▸ **HOW TO COMPLETE THIS TASK**: Write out all of the records exactly once more and skip the images.

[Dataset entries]
#####

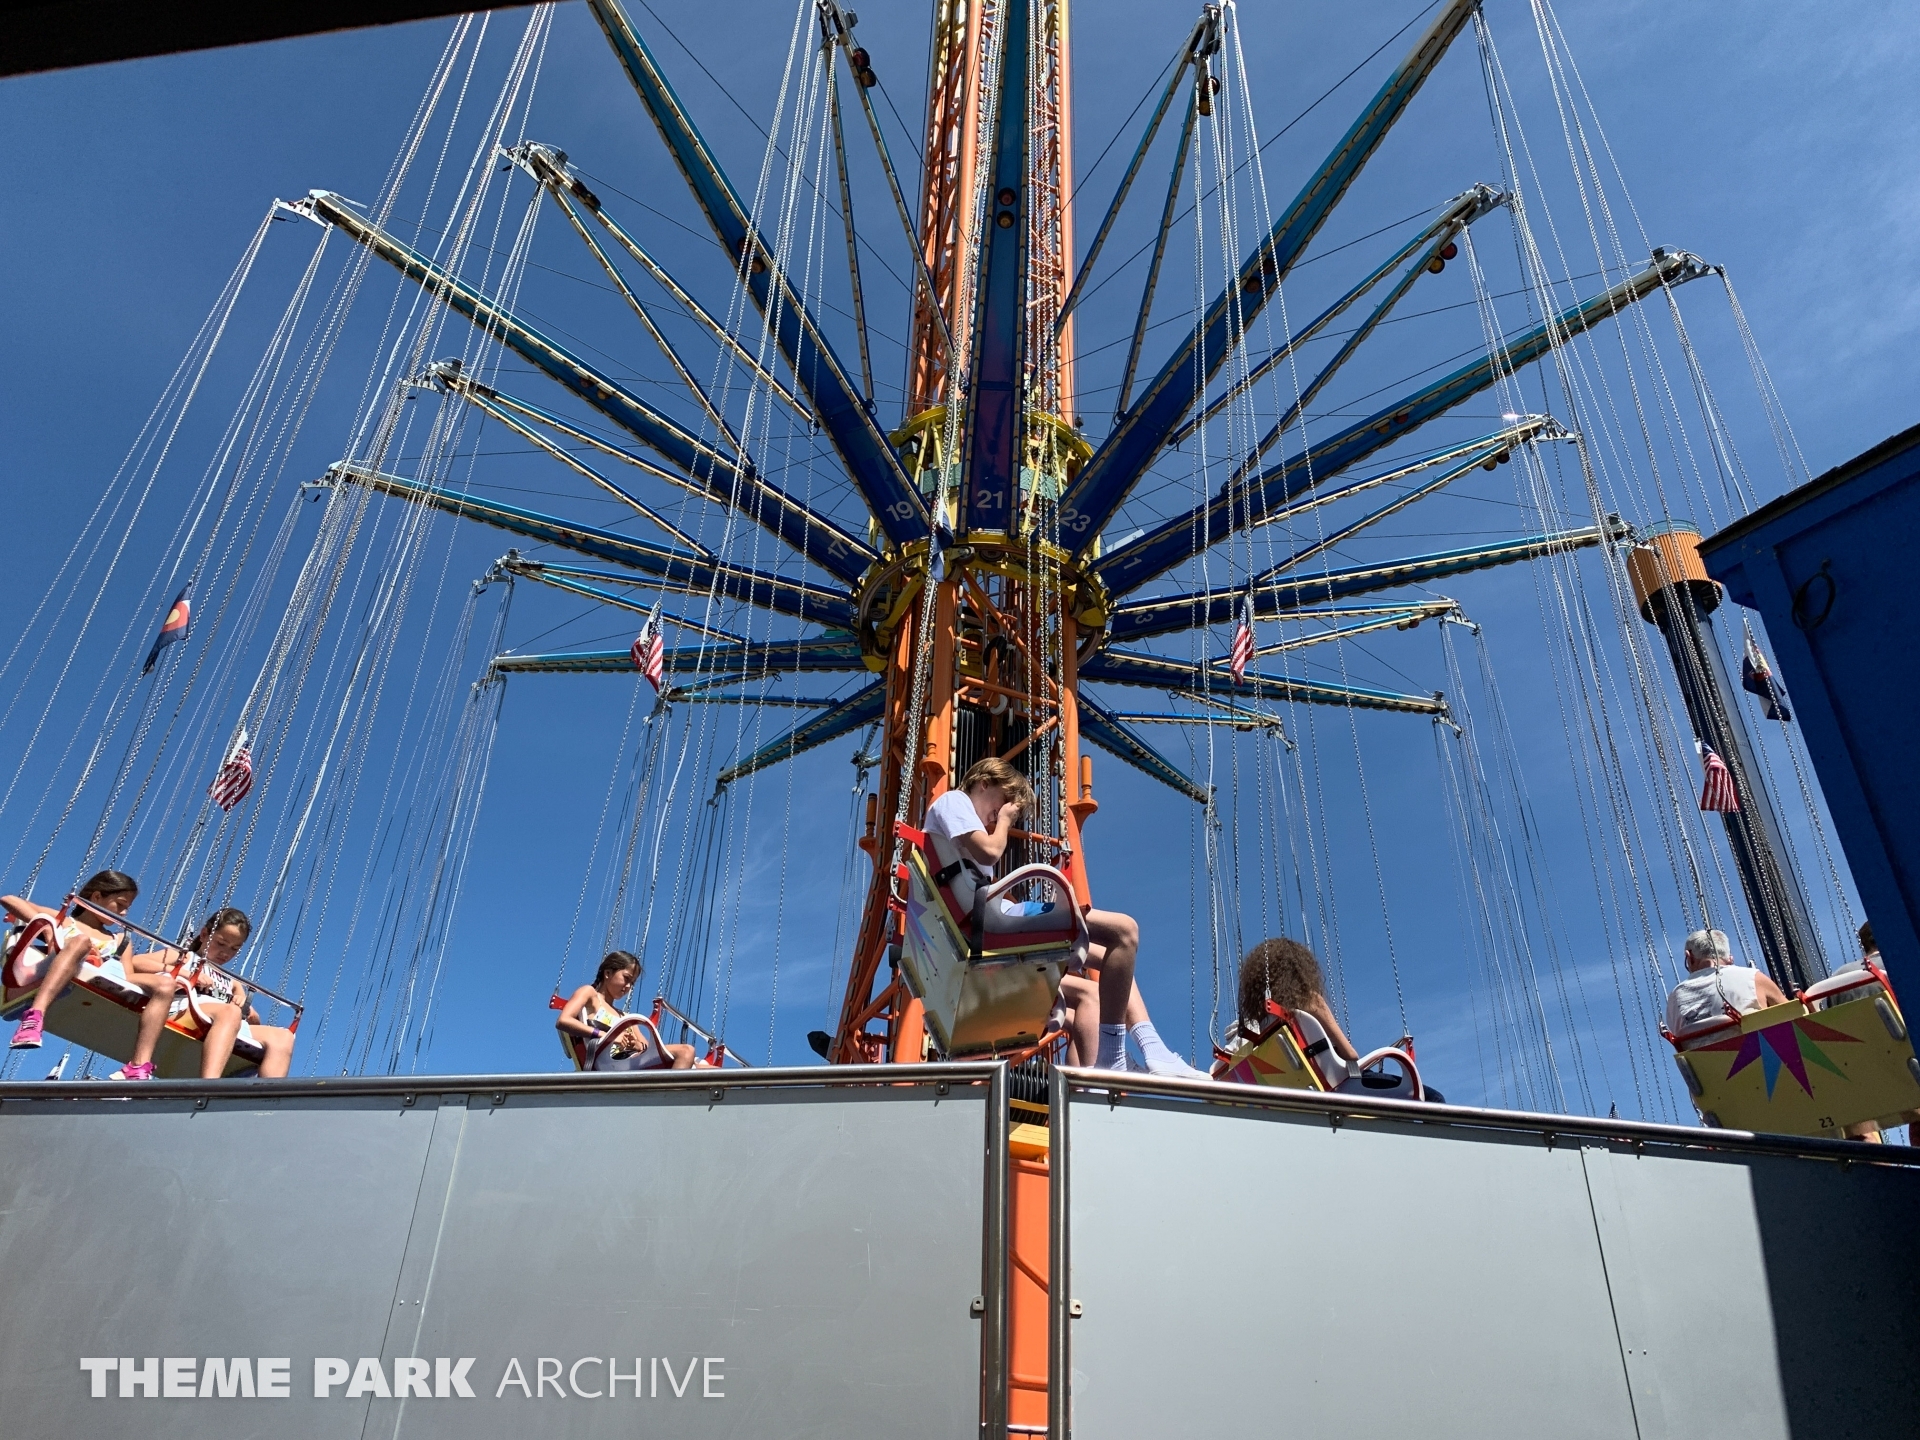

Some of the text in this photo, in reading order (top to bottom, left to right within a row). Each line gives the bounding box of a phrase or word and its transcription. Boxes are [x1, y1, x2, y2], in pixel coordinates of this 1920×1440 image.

[976, 489, 1002, 509] 21
[886, 501, 914, 522] 19
[1059, 507, 1091, 532] 23
[828, 539, 849, 560] 17
[1123, 557, 1142, 570] 1
[1135, 613, 1154, 625] 3
[1818, 1116, 1835, 1128] 23

#####

▸ **REPLY**:
Some of the text in this photo, in reading order (top to bottom, left to right within a row). Each line gives the bounding box of a phrase or word and its transcription. Boxes are [x1, y1, x2, y2], in pixel coordinates of this 1920×1440 image.

[976, 489, 1002, 509] 21
[886, 501, 914, 522] 19
[1059, 507, 1091, 532] 23
[828, 539, 849, 560] 17
[1123, 557, 1142, 570] 1
[1135, 613, 1154, 625] 3
[1818, 1116, 1835, 1128] 23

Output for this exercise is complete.